■ **What is needed**
Without its pictures, the listing below is to be transcribed exactly.

■ **Source material**

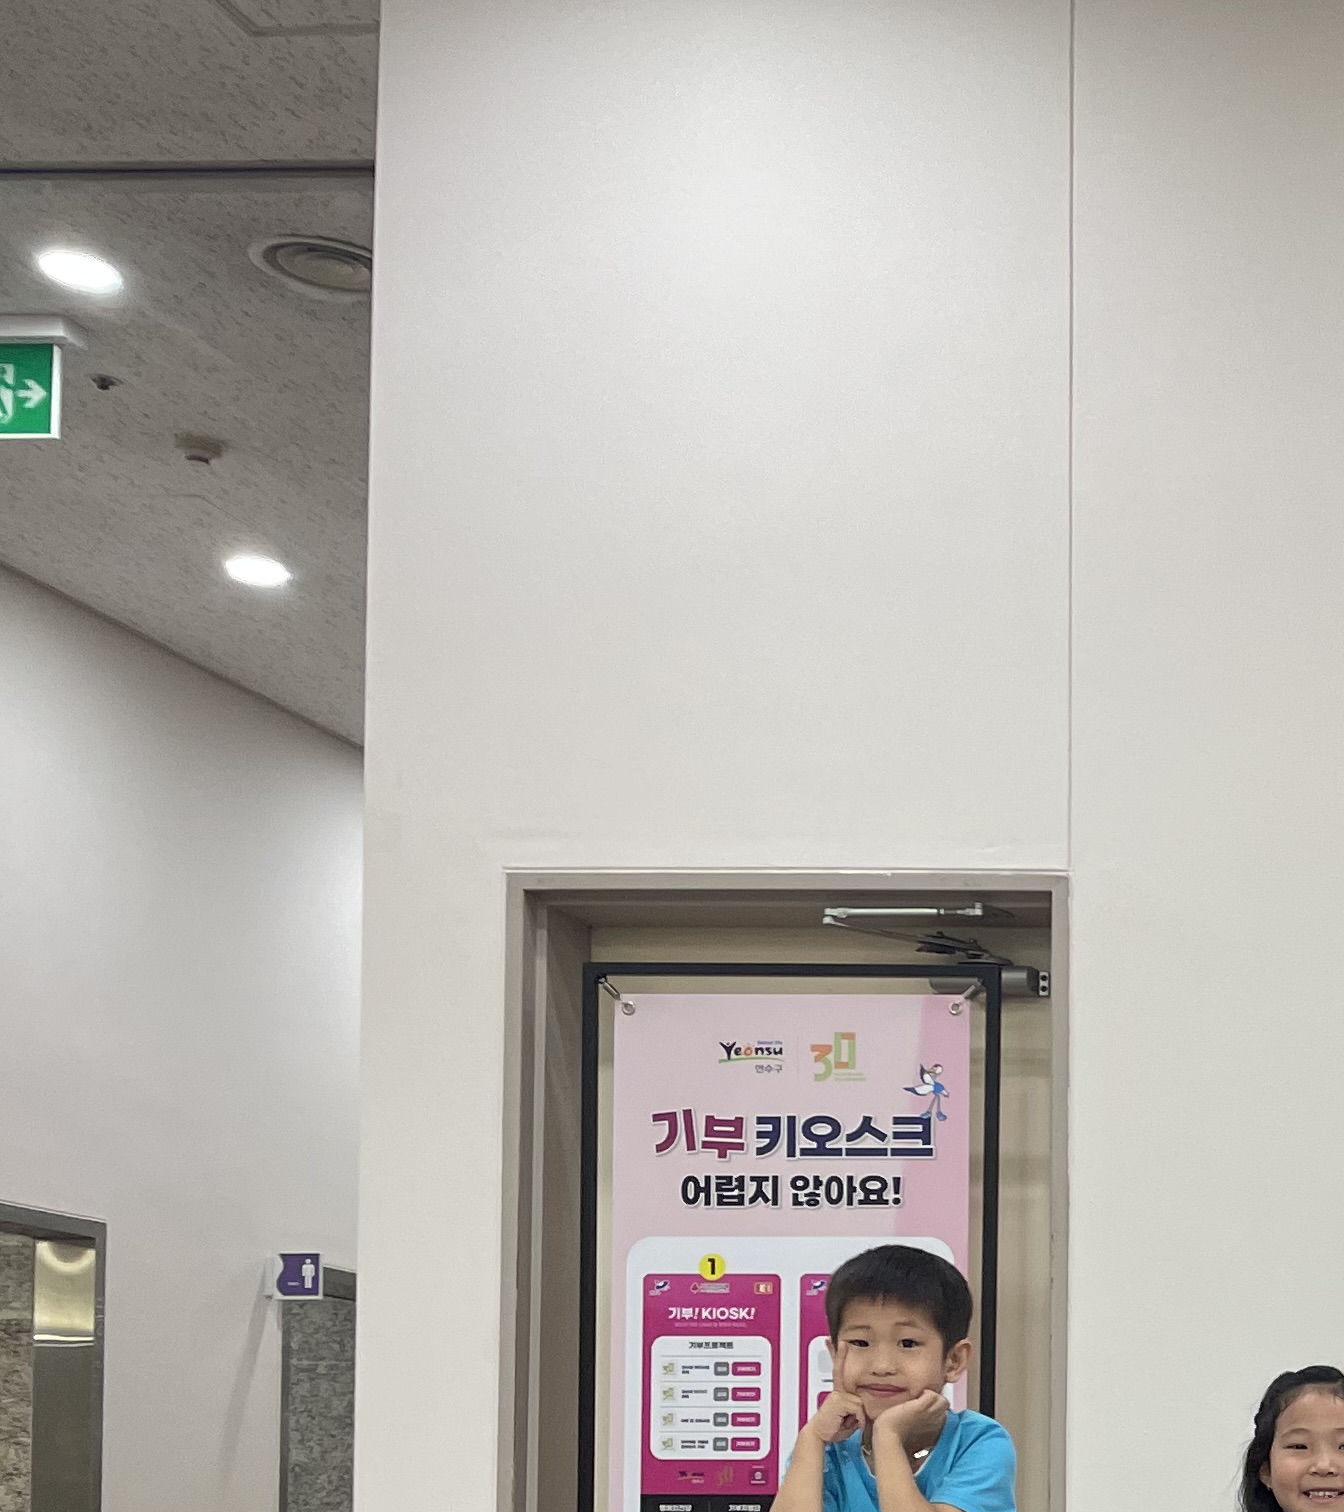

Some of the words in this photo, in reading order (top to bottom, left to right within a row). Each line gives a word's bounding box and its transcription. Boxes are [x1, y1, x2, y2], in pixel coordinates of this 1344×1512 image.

[719, 1041, 783, 1060] Yeonsu
[810, 1032, 856, 1081] 30
[755, 1064, 783, 1073] 연수구
[652, 1109, 745, 1159] 기부
[755, 1115, 934, 1158] 키오스크
[680, 1175, 780, 1209] 어렵지
[790, 1174, 902, 1207] 않아요!
[706, 1258, 718, 1276] 1
[668, 1307, 699, 1320] 기부!
[701, 1307, 756, 1320] KIOSK!
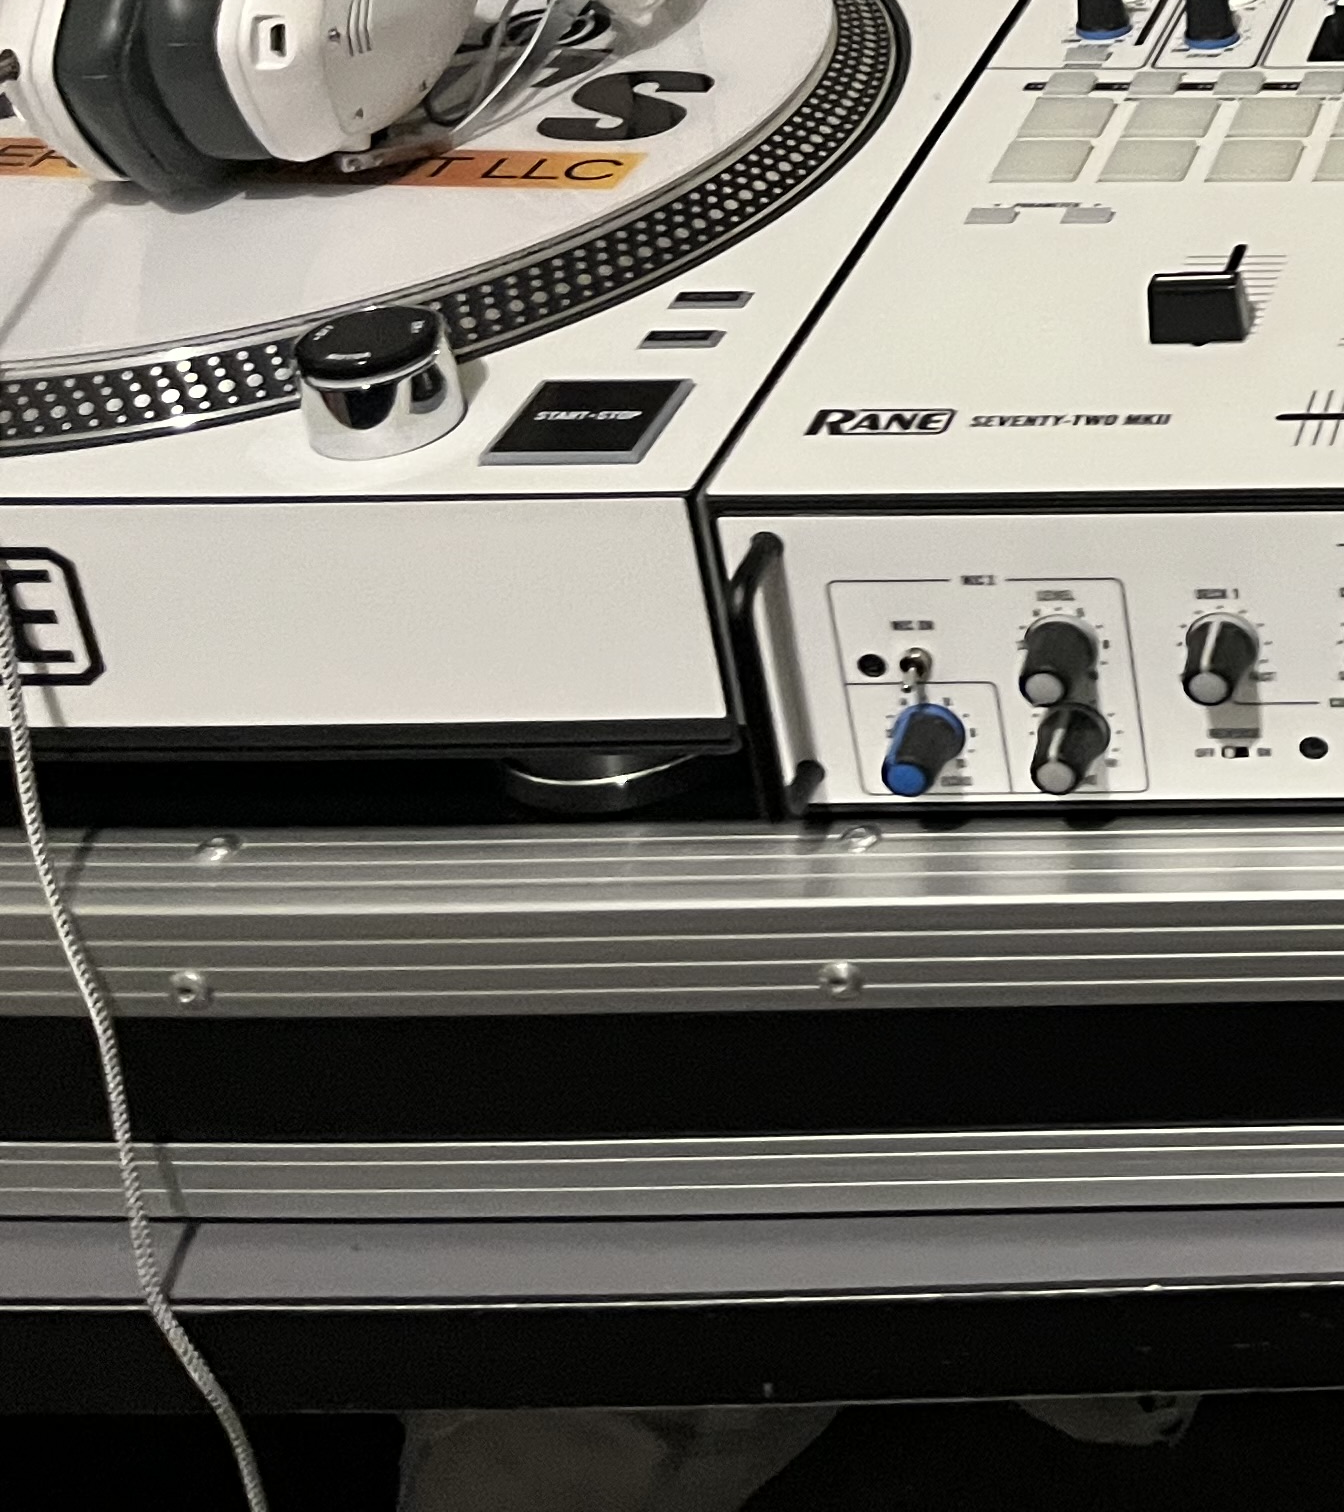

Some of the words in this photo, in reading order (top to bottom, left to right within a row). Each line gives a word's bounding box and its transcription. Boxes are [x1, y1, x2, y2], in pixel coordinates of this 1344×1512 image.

[481, 158, 624, 180] LLC
[803, 408, 957, 436] RANE
[969, 414, 1118, 428] SEVENTY-TWO

■ **Result**
Some of the words in this photo, in reading order (top to bottom, left to right within a row). Each line gives a word's bounding box and its transcription. Boxes are [x1, y1, x2, y2], in pixel coordinates of this 1344×1512 image.

[719, 1041, 783, 1060] Yeonsu
[810, 1032, 856, 1081] 30
[755, 1064, 783, 1073] 연수구
[652, 1109, 745, 1159] 기부
[755, 1115, 934, 1158] 키오스크
[680, 1175, 780, 1209] 어렵지
[790, 1174, 902, 1207] 않아요!
[706, 1258, 718, 1276] 1
[668, 1307, 699, 1320] 기부!
[701, 1307, 756, 1320] KIOSK!

Some of the words in this photo, in reading order (top to bottom, left to right within a row). Each line gives a word's bounding box and its transcription. Boxes are [x1, y1, x2, y2], in pixel coordinates of this 1344×1512 image.

[481, 158, 624, 180] LLC
[803, 408, 957, 436] RANE
[969, 414, 1118, 428] SEVENTY-TWO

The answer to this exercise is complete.